Fast forward to 2020, and the 18 June booklet, ‘What we have heard’. Its contents reflected the extent and very broad nature of complaints about the proposed code. It lacked one thing. There were no complementary sections indicating how planners were going to address the complaints, despite clear evidence that there remained a mountain of dissatisfaction.
For example, the Commission had received 1790 submissions between October 2019 and February 2020 – yet by June 2020 the government had reached the ‘final’ implementation stage in its critical path. Alarm bells began to ring.
After years of political argy-bargy the code concept still wasn’t popular – not among many residential lobbyists, and not among industry lobbyists who complained that it didn’t go far enough. That tally of 1790 illustrated that there was something deeply problematic about the new planning system whose wrinkles should have been well ironed out by 2020. Other numbers added perspective.
On top of the 1790 recommendations for change, there had been 6250 visits to the Commission’s website and 873 hotline calls between October 2019 and February 2020. The respondent breakdown was revealing.
The code supporters were there in healthy (and predictable) numbers – 53 industry representative groups, 21 developers, 109 property managers/owners.

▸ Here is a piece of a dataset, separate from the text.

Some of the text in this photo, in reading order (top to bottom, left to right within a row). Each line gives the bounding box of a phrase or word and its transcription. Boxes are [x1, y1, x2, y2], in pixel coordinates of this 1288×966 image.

So too were the objectors – 66 local government corporations and 29 community groups. But two other numbers were perhaps the most revealing.
Only two MPs had submitted comments, but 1446 individuals (labelled as “general public”) had done so. Every one of those individuals represented a community, a fraternity of families. Were their parliamentary representatives too busy to pursue their case? Or was there another reason?

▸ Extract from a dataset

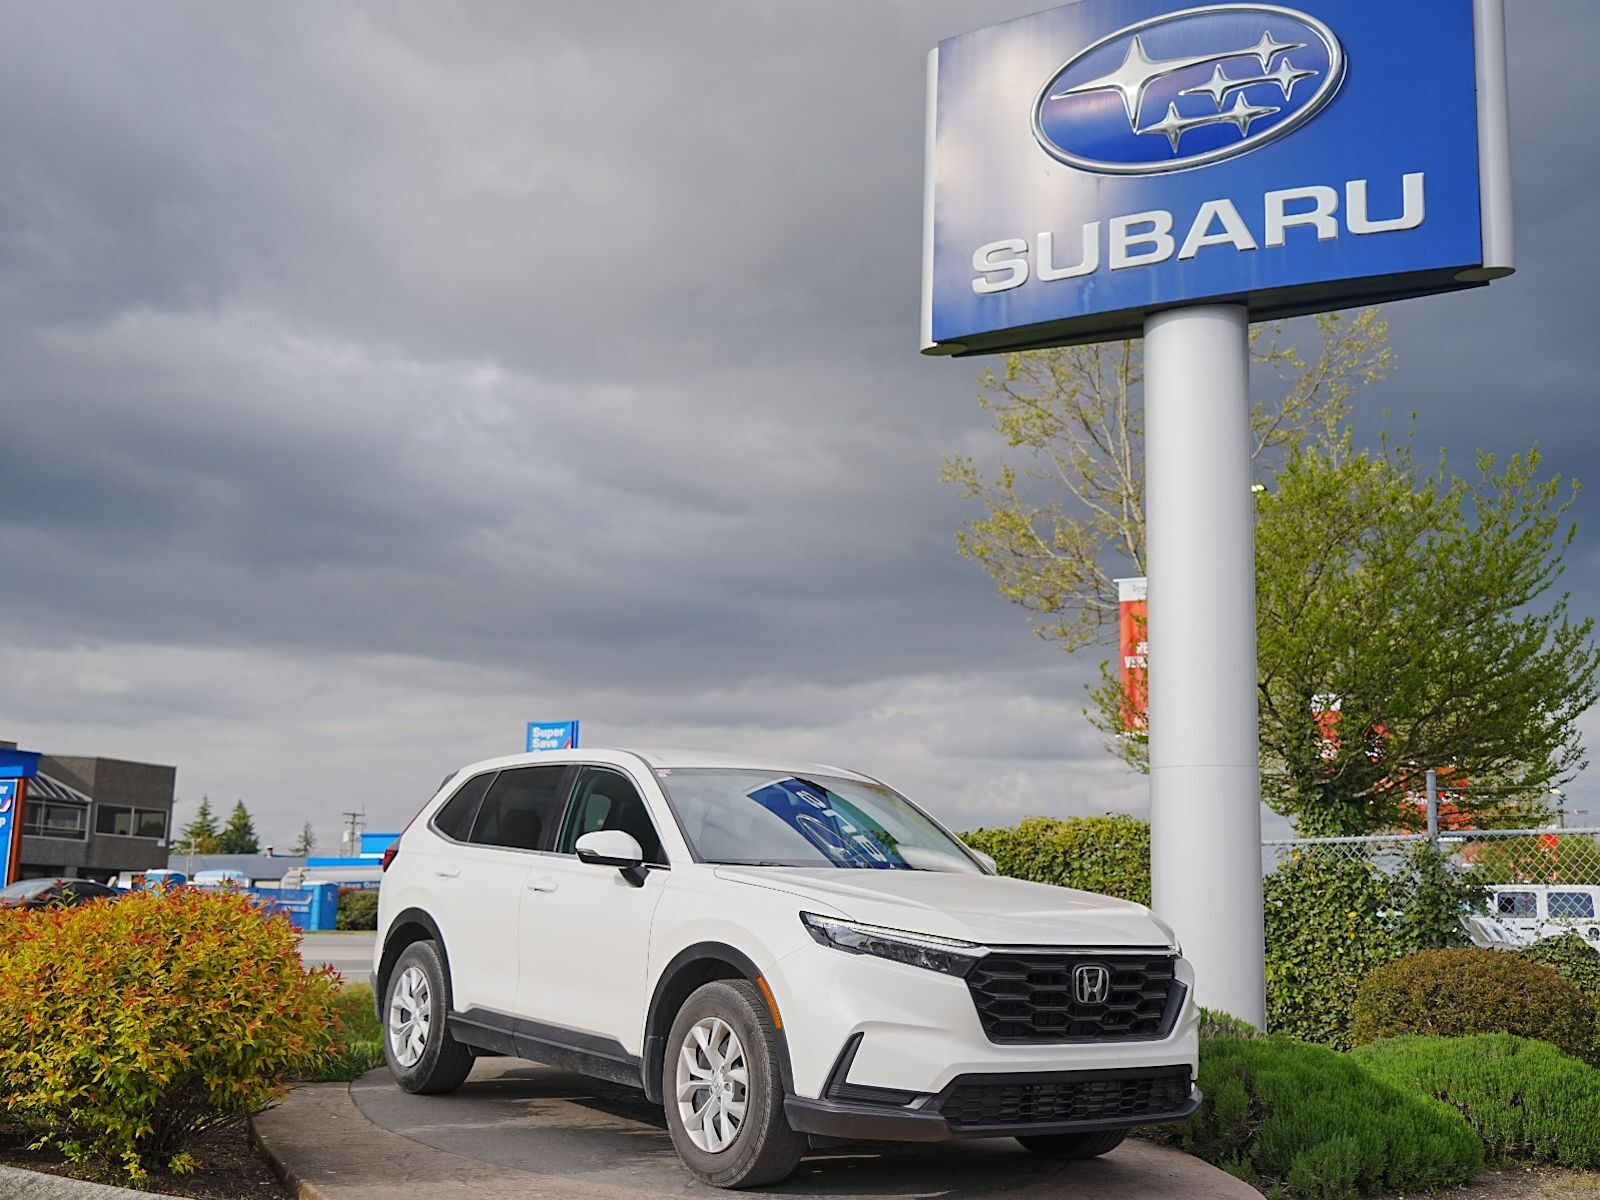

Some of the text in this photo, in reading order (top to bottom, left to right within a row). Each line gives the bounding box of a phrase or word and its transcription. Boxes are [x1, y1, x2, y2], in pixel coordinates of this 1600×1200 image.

[971, 171, 1425, 294] SUBARU
[532, 726, 565, 739] Super
[532, 738, 558, 749] Save

Steven Marshall’s foster child
Here’s the thing. This planning saga was Labor’s baby (2014–18), but the Liberals are now rearing the child. Given this, every state MP – Labor or Liberal – has a commitment to major planning change foreshadowed in parliament in 2016. In other words, he or she is unlikely to be committed to the hard pursuit of a constituent’s critique because of ideological ‘skin in the game’. Not to mention the debt owed by each party, since before 2016, to those whose political donations encouraged progress of the legislation and implementation of the code.
The implementation deadline has now been shifted to September, or even later. Meanwhile, thousands of objectors are still hoping that their bids for last-minute amendments might get endorsed.

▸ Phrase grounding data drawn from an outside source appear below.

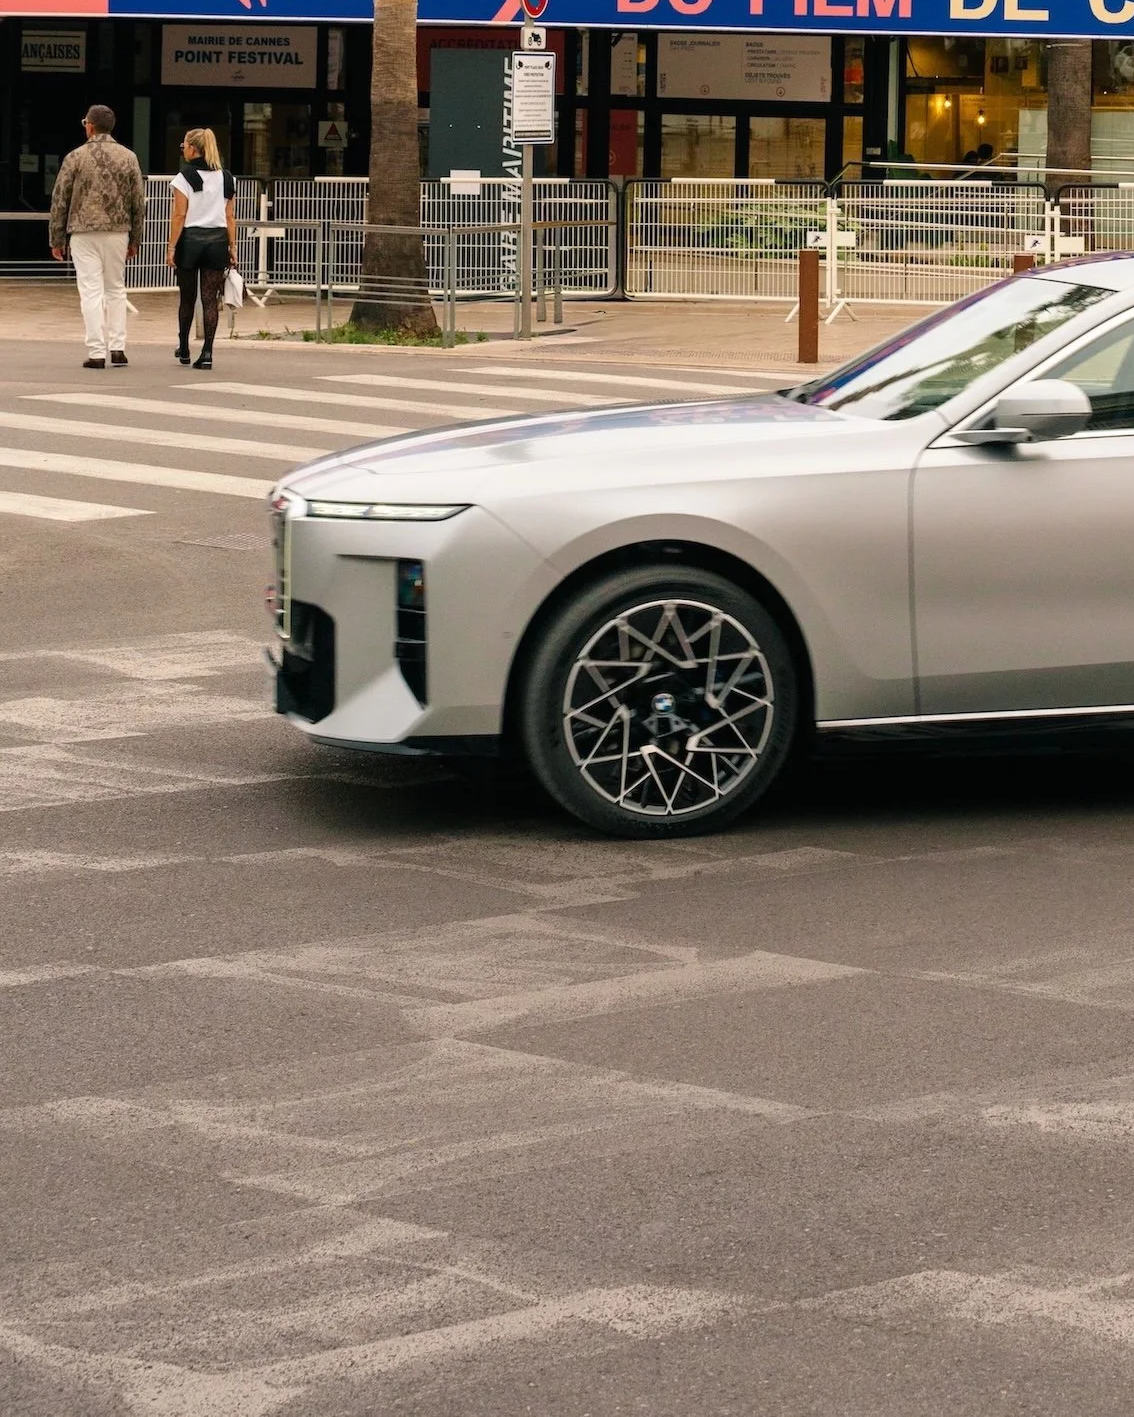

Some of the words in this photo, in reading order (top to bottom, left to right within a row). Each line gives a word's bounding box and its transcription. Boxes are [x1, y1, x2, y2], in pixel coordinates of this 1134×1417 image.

[187, 35, 226, 46] MAIRIE
[229, 36, 243, 46] DE
[246, 37, 290, 47] CANNES
[174, 49, 223, 64] POINT
[227, 50, 304, 65] FESTIVAL

To confirm their success, Commission people have described the process as a “validation” procedure, and respondents have been assured by the Commission boss, Michael Lennon, that they will get a chance to participate in it, to see that their recommendations have been ‘validated’. But, clearly, thousands of respondents won’t be heard. There will be no ‘validation’ for them.
For the winners, there’s to be a new “administrative protocol” (his words) defining a procedure for late-stage amendment. Unfortunately, this protocol was not spelled out in the June booklet. Who gets to participate? What are the rules? Is it transparent? Can losers appeal? To whom?
Today’s new streetscapes
Now to answer the questions posed at the top. Fewer trees in tiny front yards of narrow land plots on hot, car-choked streets will be just one outcome of the new code allowances affecting many thousands of future suburban residential sites. These are actually very minor examples of the consequences of the changes to planning rules pursuing high-density developments in residential streets, with many requiring no off-street parking spaces. But they are deeply symbolic.
For tens of thousands of families, some of whom would have been among the 1790 submission authors or the 1446 others, this simple scenario represents a very real loss to the fabric of suburban life and reminds them daily of how, whichever way they voted in the 2018 state election, that’s their urban future. That June 2020 booklet might have catalogued ‘What we have heard’ but there was never any guarantee about ‘what we plan to amend’.
Ash Whitefly is Executive Director of the Adelaide Whitefly Institute of Diplomatic Studies.